=== EXCERPTED RECORDS ===
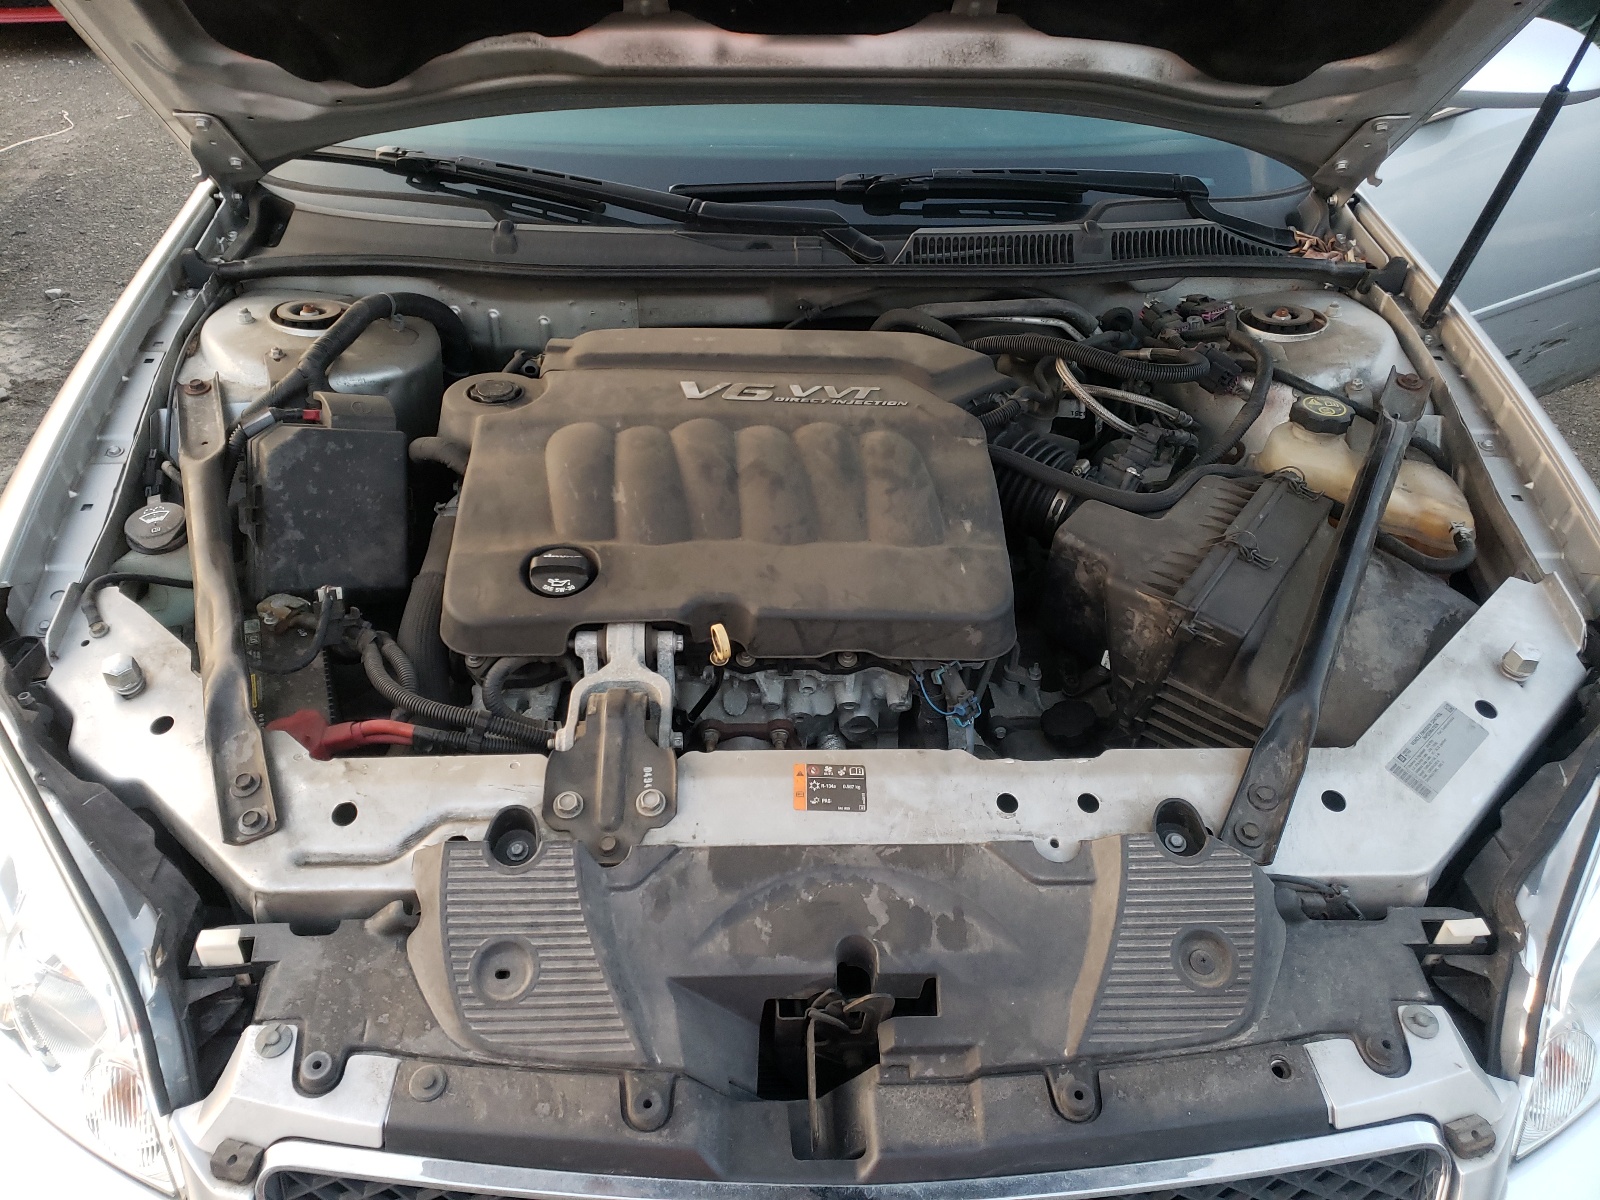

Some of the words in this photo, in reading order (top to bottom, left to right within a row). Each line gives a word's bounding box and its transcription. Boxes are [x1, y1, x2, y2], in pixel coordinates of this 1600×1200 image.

[680, 381, 776, 401] V6
[789, 384, 881, 399] VVT
[773, 396, 828, 404] DIRECT
[542, 584, 554, 592] SAE
[555, 584, 576, 593] 5W-30
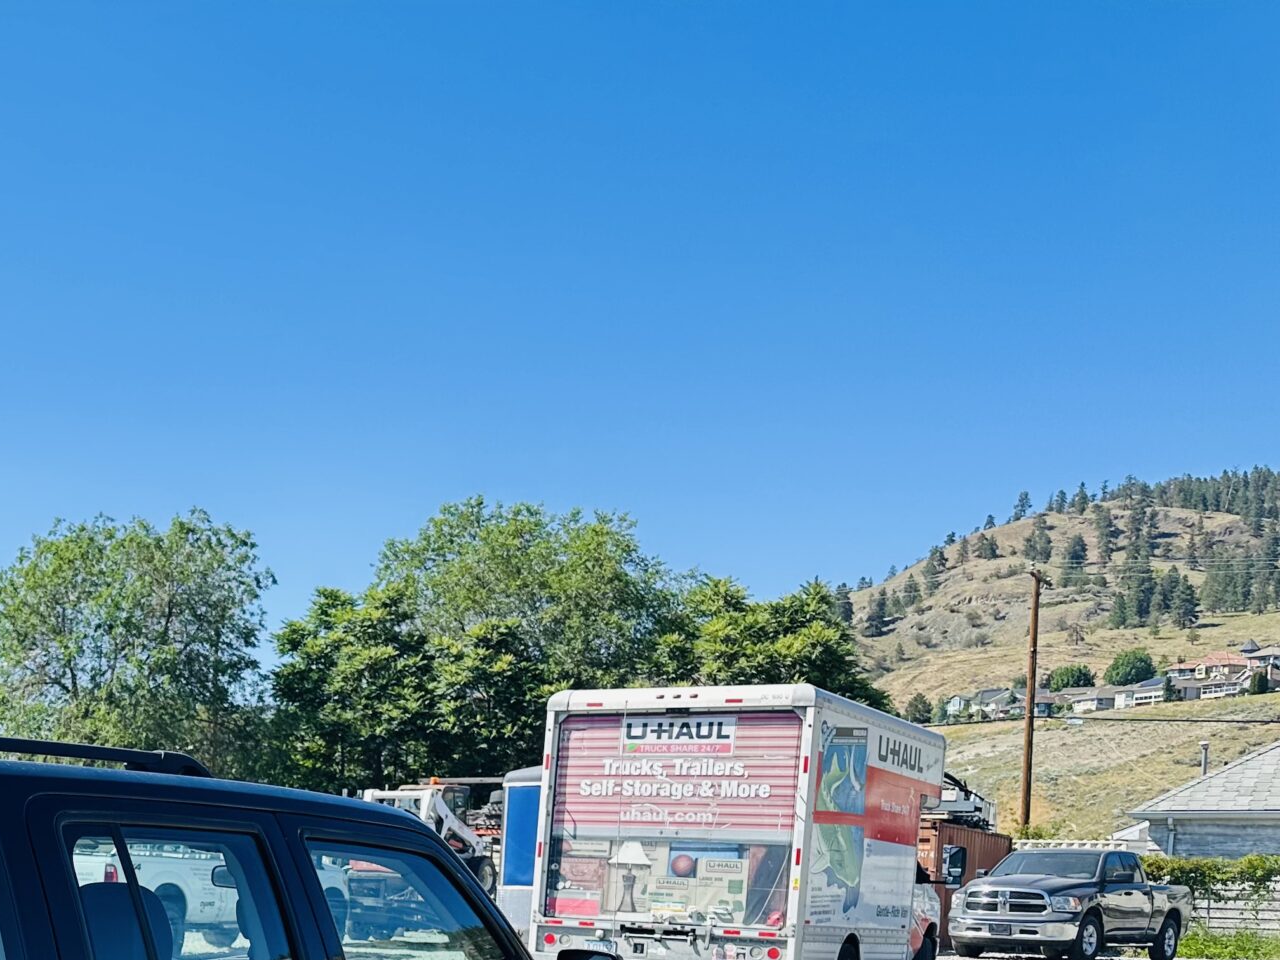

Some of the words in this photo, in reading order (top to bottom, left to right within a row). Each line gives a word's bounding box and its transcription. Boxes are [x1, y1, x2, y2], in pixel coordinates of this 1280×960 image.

[625, 721, 731, 740] U-HAUL
[639, 744, 667, 753] TRUCK
[669, 744, 699, 753] SHARE
[700, 744, 720, 753] 24/7
[878, 734, 924, 774] U-HAUL
[602, 758, 667, 778] Trucks,
[672, 758, 749, 779] Trailers,
[579, 778, 694, 799] Self-Storage
[699, 780, 714, 797] &
[719, 780, 771, 799] More
[620, 807, 714, 823] uhaul.com
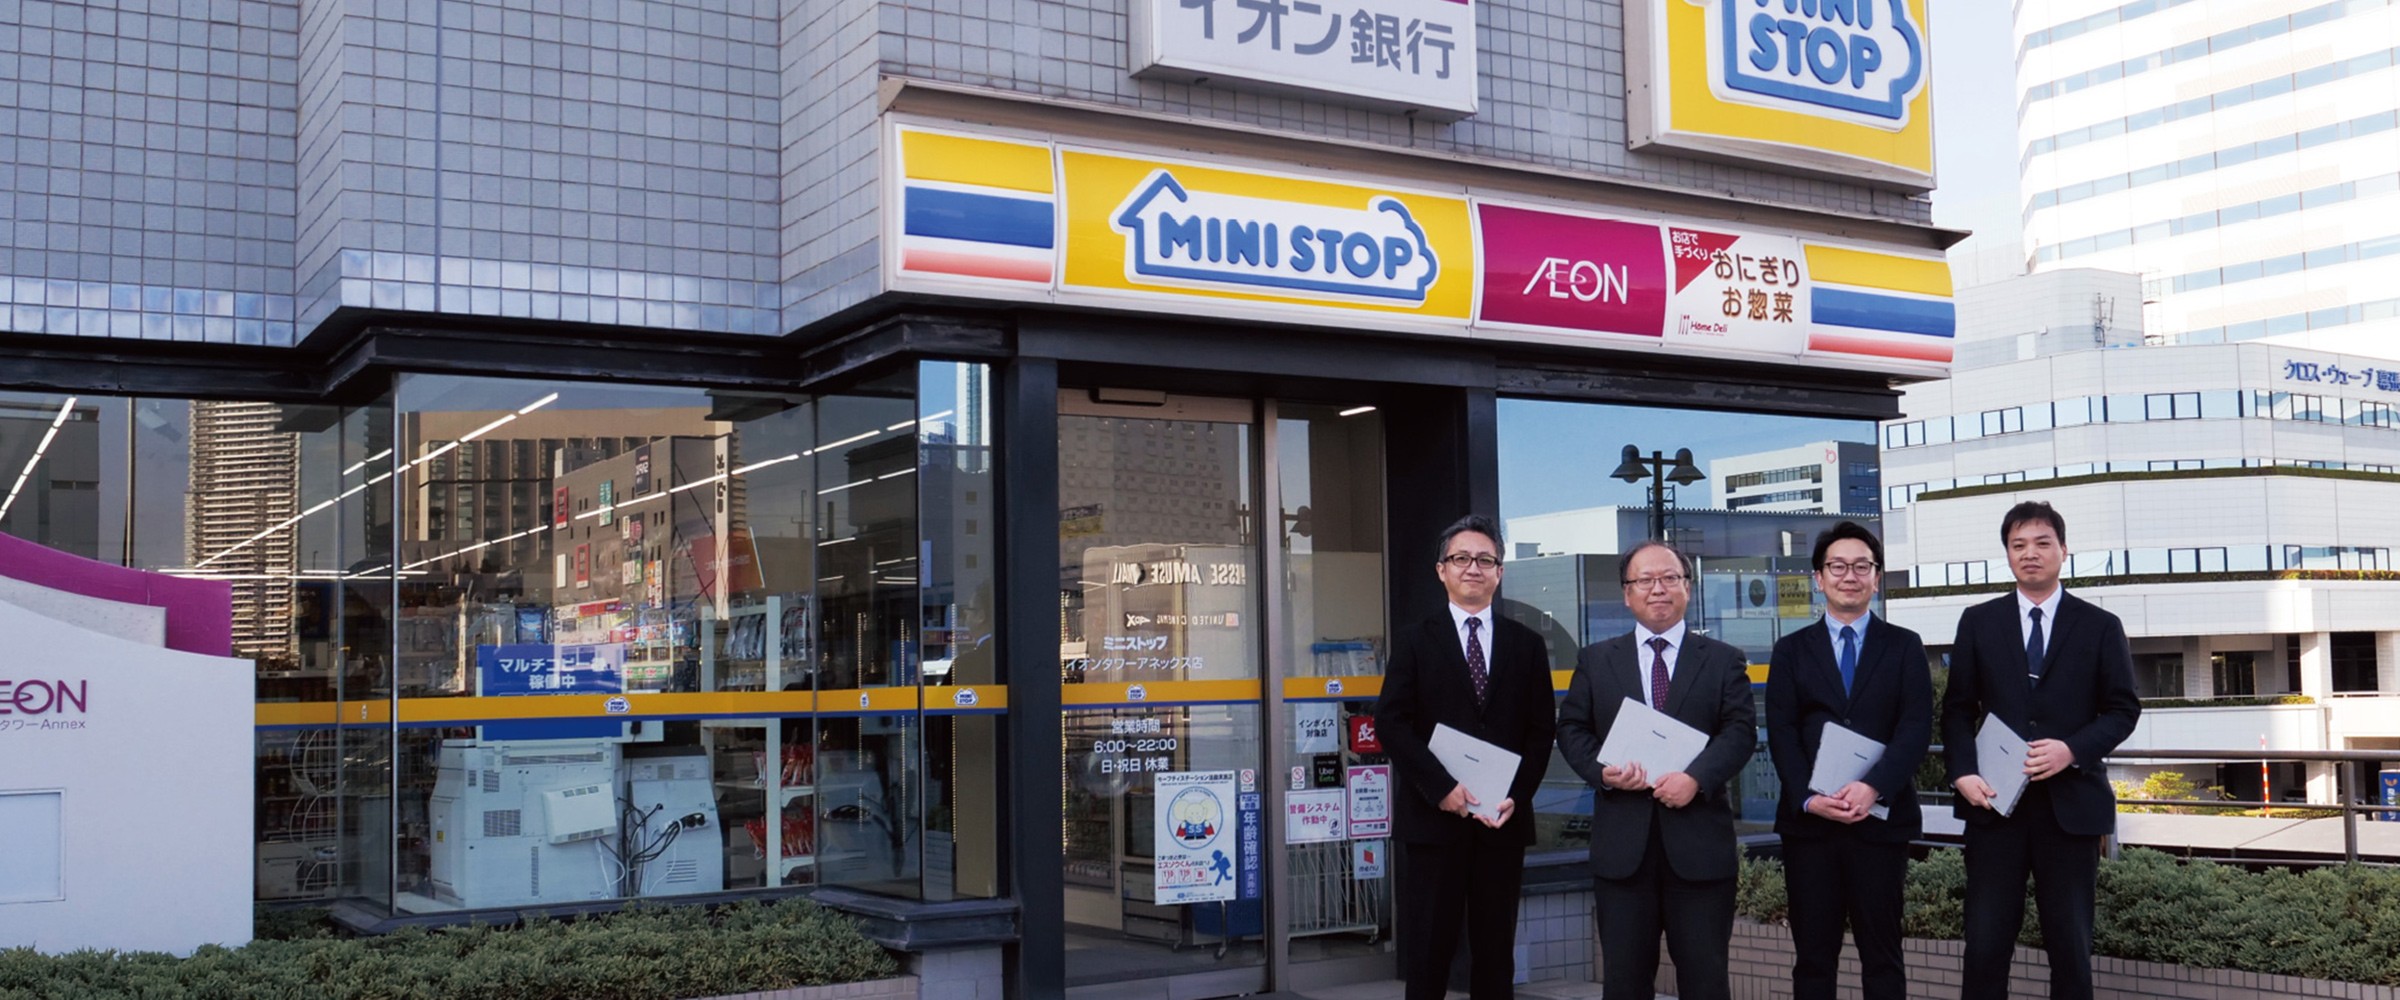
===
▸ EXERCISE DESCRIPTION
Write each entry again exactly, minus any images.

▸ SOLUTION TO THIS EXERCISE
Some of the words in this photo, in reading order (top to bottom, left to right within a row). Each line gives a word's bounding box and its transcription. Boxes are [x1, y1, x2, y2], in pixel coordinates of this 1600×1200 image.

[680, 381, 776, 401] V6
[789, 384, 881, 399] VVT
[773, 396, 828, 404] DIRECT
[542, 584, 554, 592] SAE
[555, 584, 576, 593] 5W-30

Some of the words in this photo, in reading order (top to bottom, left to right within a row). Each line gives a word's bounding box and its transcription. Boxes are [x1, y1, x2, y2], in pixel coordinates of this 1280×960 image.

[625, 721, 731, 740] U-HAUL
[639, 744, 667, 753] TRUCK
[669, 744, 699, 753] SHARE
[700, 744, 720, 753] 24/7
[878, 734, 924, 774] U-HAUL
[602, 758, 667, 778] Trucks,
[672, 758, 749, 779] Trailers,
[579, 778, 694, 799] Self-Storage
[699, 780, 714, 797] &
[719, 780, 771, 799] More
[620, 807, 714, 823] uhaul.com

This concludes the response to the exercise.